For more detailed instructions see the SUMAC user manual

Usage:

python -m sumac [-h] [--download_gb DOWNLOAD_GB]
               [--download_gb2 DOWNLOAD_GB2] [--path PATH]
               [--ingroup INGROUP] [--outgroup OUTGROUP] [--cores CORES]
               [--id ID] [--evalue EVALUE] [--length LENGTH]
               [--maxlength MAXLENGTH] [--minlength MINLENGTH]
               [--min_clusters MIN_CLUSTERS] [--max_ingroup MAX_INGROUP] [--guide GUIDE]
               [--alignments ALIGNMENTS [ALIGNMENTS ...]]
               [--salignments SALIGNMENTS [SALIGNMENTS ...]] [--search]
               [--decisiveness] [--hac] [--slink]

Argument details:

-h, --help            show this help message and exit                                                                                                                      [8/1029]
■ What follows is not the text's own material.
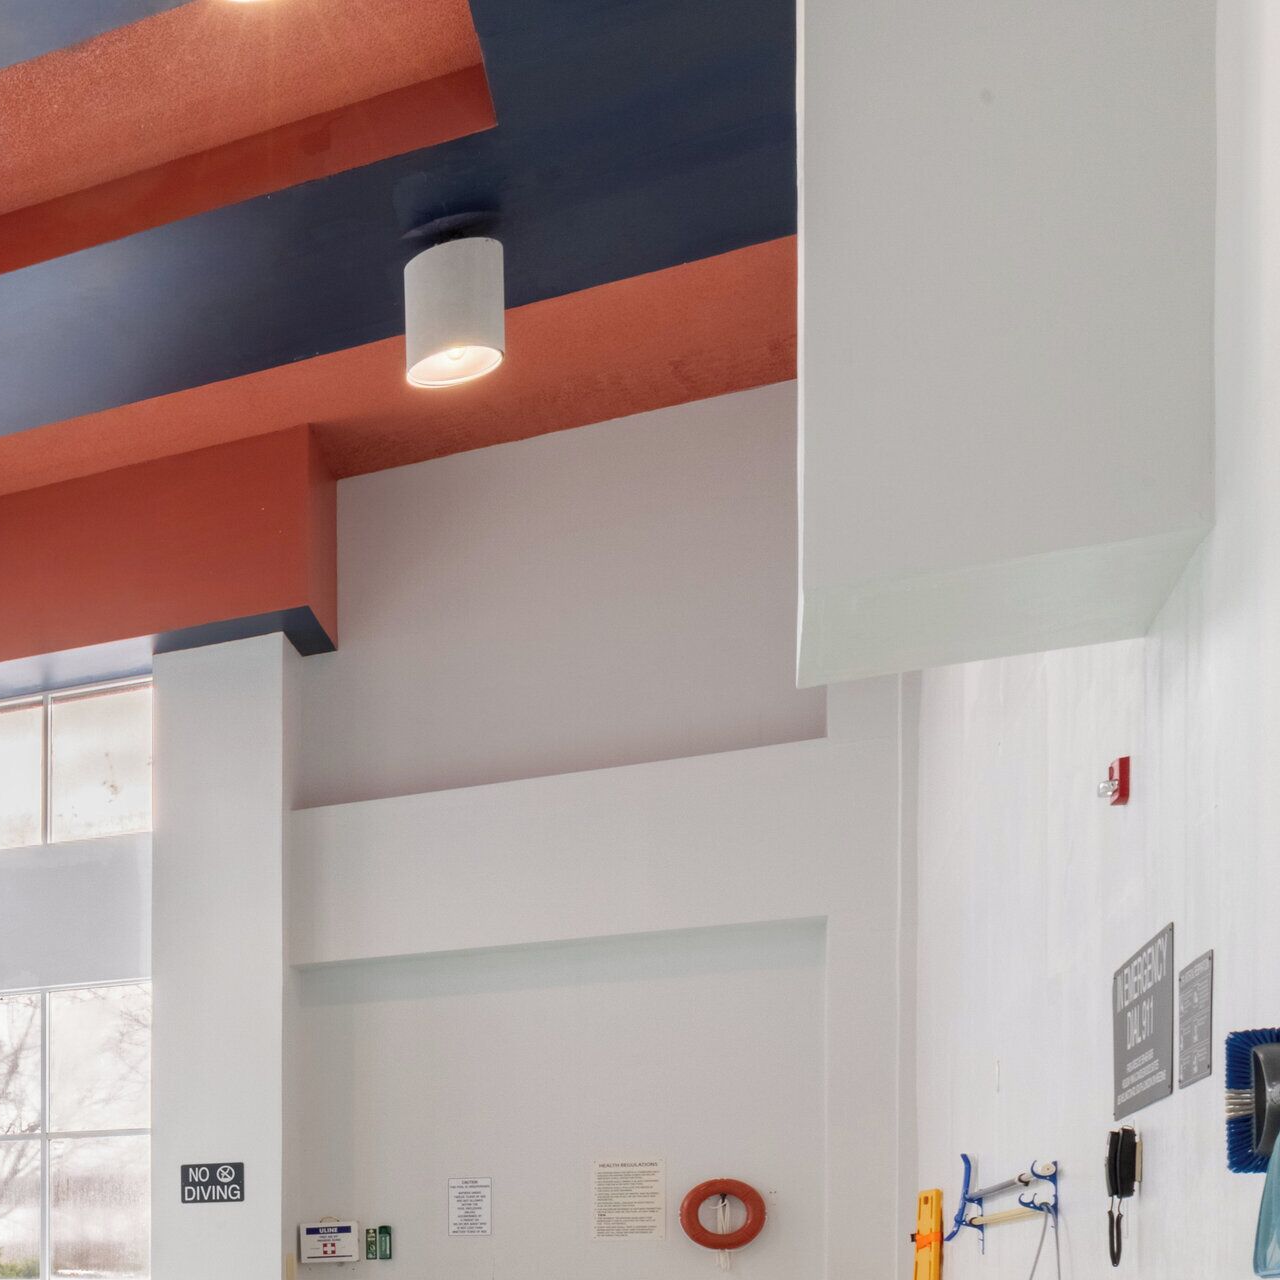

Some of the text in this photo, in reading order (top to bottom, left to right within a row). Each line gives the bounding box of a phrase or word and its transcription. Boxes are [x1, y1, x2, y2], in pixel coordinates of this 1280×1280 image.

[1124, 933, 1168, 1006] EMERGENCY
[1142, 994, 1154, 1041] 911
[189, 1167, 209, 1182] NO
[185, 1184, 241, 1201] DIVING
--download_gb DOWNLOAD_GB, -d DOWNLOAD_GB
                      Name of the GenBank division to download (e.g. PLN or
                      MAM).
--download_gb2 DOWNLOAD_GB2, -d2 DOWNLOAD_GB2
                      Name of the optional second GenBank division to
                      download. Use this option if the ingroup and outgroup
                      are in different GenBank divisions.
--path PATH, -p PATH  Absolute path to download GenBank files to. Defaults
                      to ./genbank/
--ingroup INGROUP, -i INGROUP
                      Ingroup clade to build supermatrix.
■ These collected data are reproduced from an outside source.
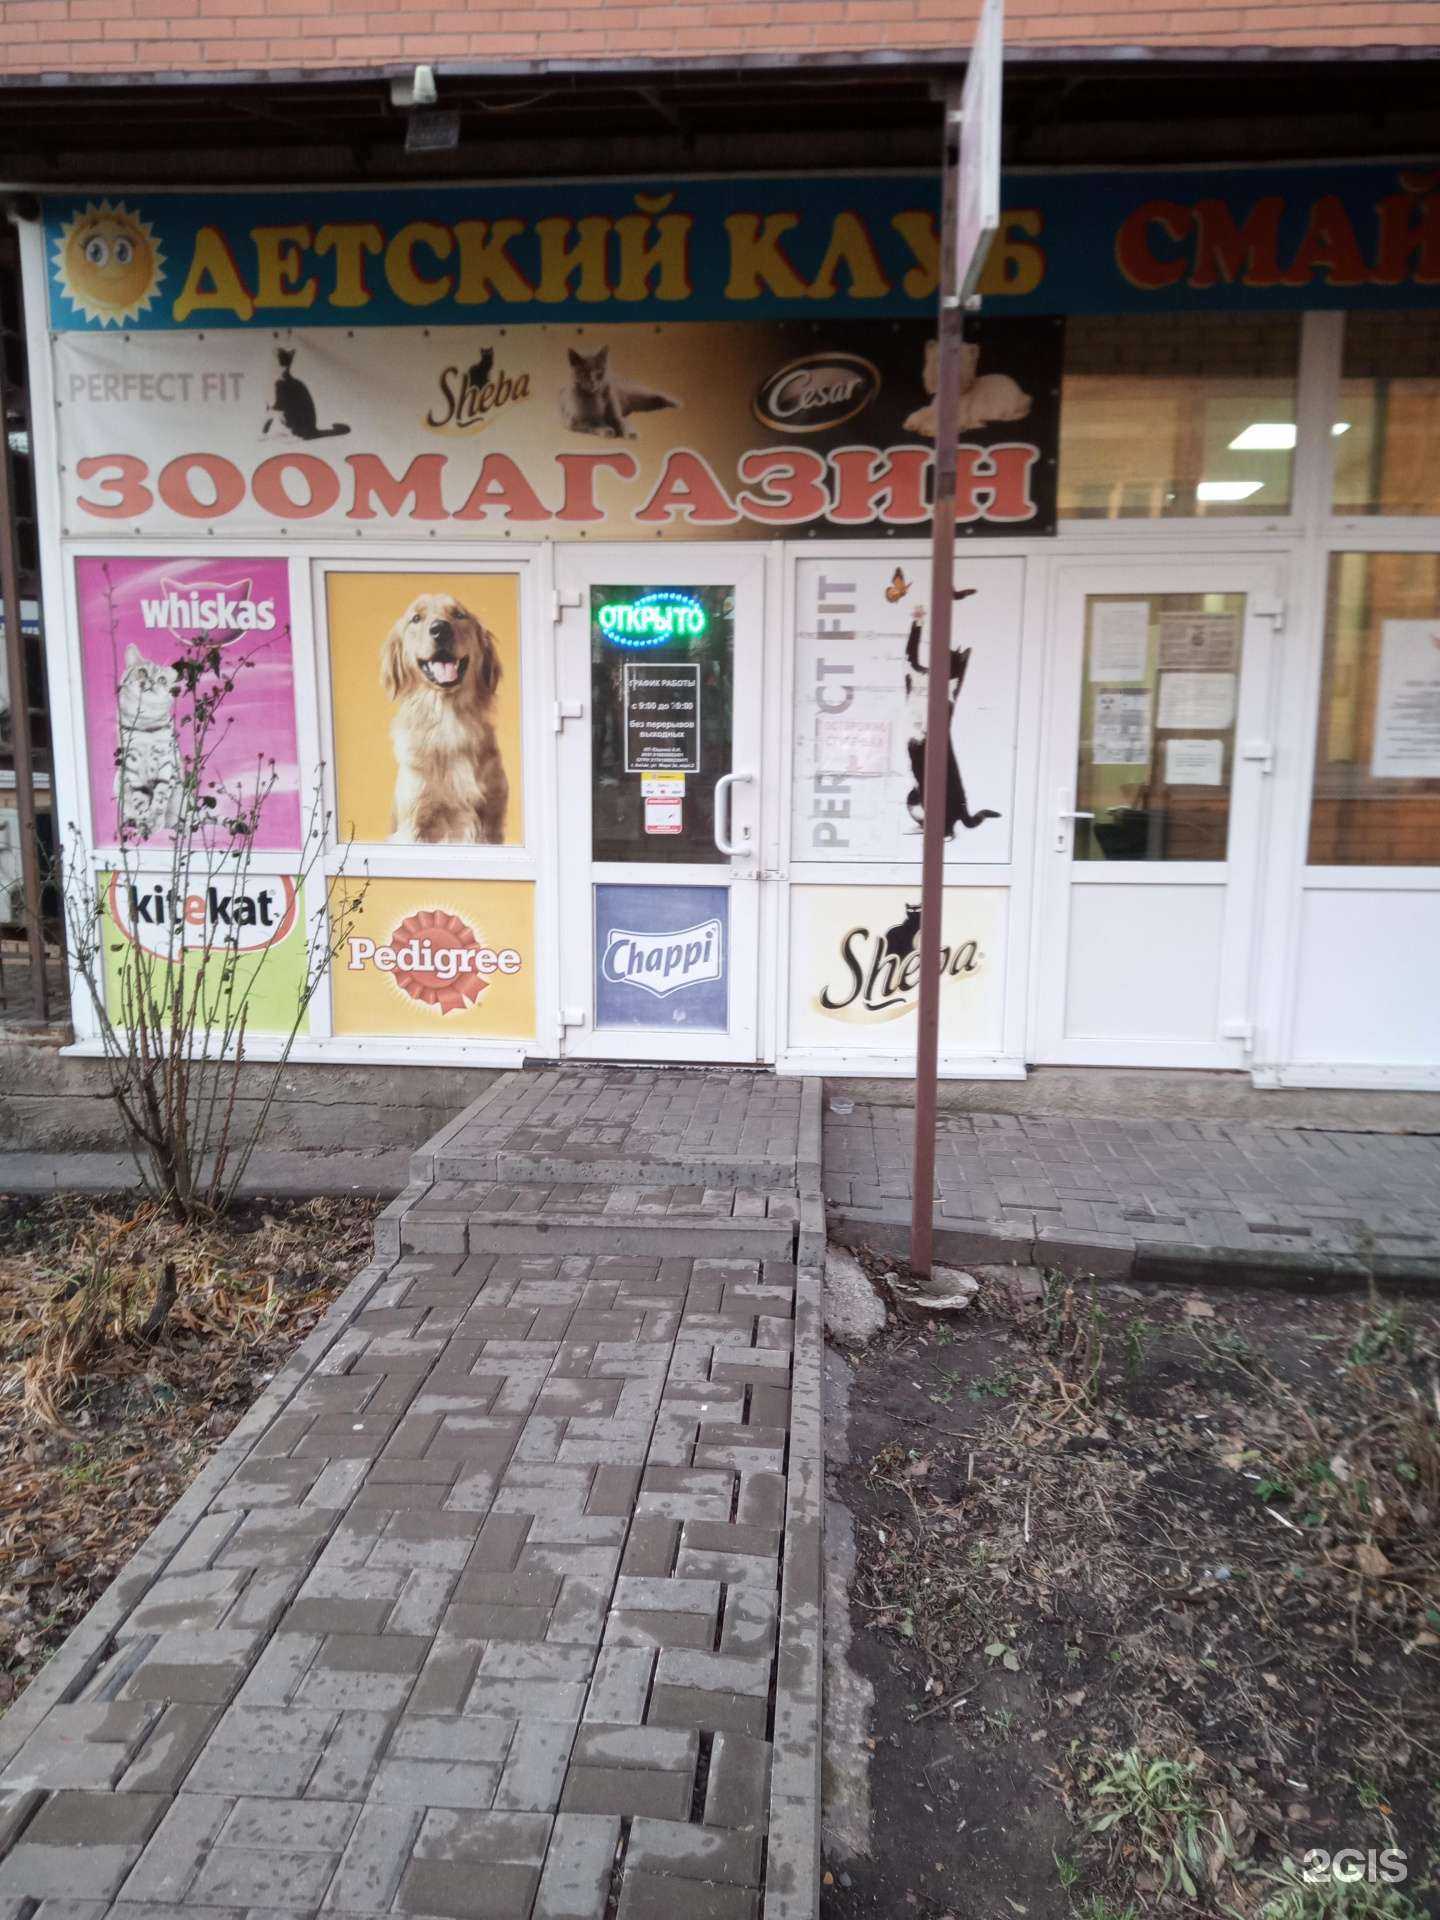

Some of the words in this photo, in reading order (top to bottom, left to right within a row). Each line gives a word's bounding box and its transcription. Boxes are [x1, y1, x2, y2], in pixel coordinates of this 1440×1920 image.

[172, 192, 694, 323] ДЕТСКИЙ
[724, 207, 1049, 300] КЛУБ
[68, 374, 194, 404] PERFECT
[201, 372, 245, 403] FIT
[427, 364, 531, 428] Sheba
[767, 369, 864, 417] Cesar
[74, 445, 1040, 525] ЗООМАГАЗИН
[141, 592, 276, 631] whiskas
[599, 604, 705, 634] ОТКРЫТО
[816, 575, 857, 641] FIT
[661, 679, 696, 688] РАБОТЫ
[812, 657, 855, 848] PERCT
[129, 885, 273, 927] kitekat
[347, 937, 522, 980] Pedigree
[603, 929, 714, 983] Chappi
--outgroup OUTGROUP, -o OUTGROUP
                      Outgroup clade to build supermatrix.
--cores CORES, -c CORES
                      The number of CPU cores to use for parallel
                      processing. Defaults to the max available.
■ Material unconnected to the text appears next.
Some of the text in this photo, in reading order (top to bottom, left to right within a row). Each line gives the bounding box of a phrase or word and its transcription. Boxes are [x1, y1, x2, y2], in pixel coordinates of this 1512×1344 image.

--id ID, -id ID       UCLUST id threshold to cluster taxa. Defaults to 0.50
--evalue EVALUE, -e EVALUE
                      BLAST E-value threshold to cluster taxa. Defaults to
                      1e-10
--length LENGTH, -l LENGTH
                      Threshold of sequence length percent similarity to
                      cluster taxa. Defaults to 0.25
--maxlength MAXLENGTH, -maxl MAXLENGTH
                      Maximum length of sequences to include in UCLUST
                      clusters. Defaults to 5000
--minlength MINLENGTH, -minl MINLENGTH
                      Minimum length of sequences to include in UCLUST
                      clusters. Defaults to 100
--min_clusters MIN_CLUSTERS, -minc MIN_CLUSTERS
                      Minimum number of taxa needed for clusters. Defaults
                      to 4
--max_ingroup MAX_INGROUP, -m MAX_INGROUP
                      Maximum number of taxa to include in ingroup. Default
                      is none (no maximum limit).
--guide GUIDE, -g GUIDE
                      FASTA file containing sequences to guide cluster
                      construction. If this option is selected then all-by-
                      all BLAST comparisons are not performed.
--alignments ALIGNMENTS [ALIGNMENTS ...], -a ALIGNMENTS [ALIGNMENTS ...]
                      List of aligned FASTA files to build supermatrix
                      instead of mining GenBank.
--salignments SALIGNMENTS [SALIGNMENTS ...], -sa SALIGNMENTS [SALIGNMENTS ...]
                      List of SUMAC alignments to build supermatrix instead
                      of mining GenBank.
--search, -s          Turn on search and cluster mode. Will not make
                      alignments or supermatrix.
--decisiveness, -de   Calculate partial decisiveness. For larger matrices
                      this may be slow.
--hac                 Use HAC single-linkage clustering algorithm instead of
                      the default UCLUST algorithm.
--slink               Use the SLINK clustering algorithm instead of the
                      default UCLUST algorithm.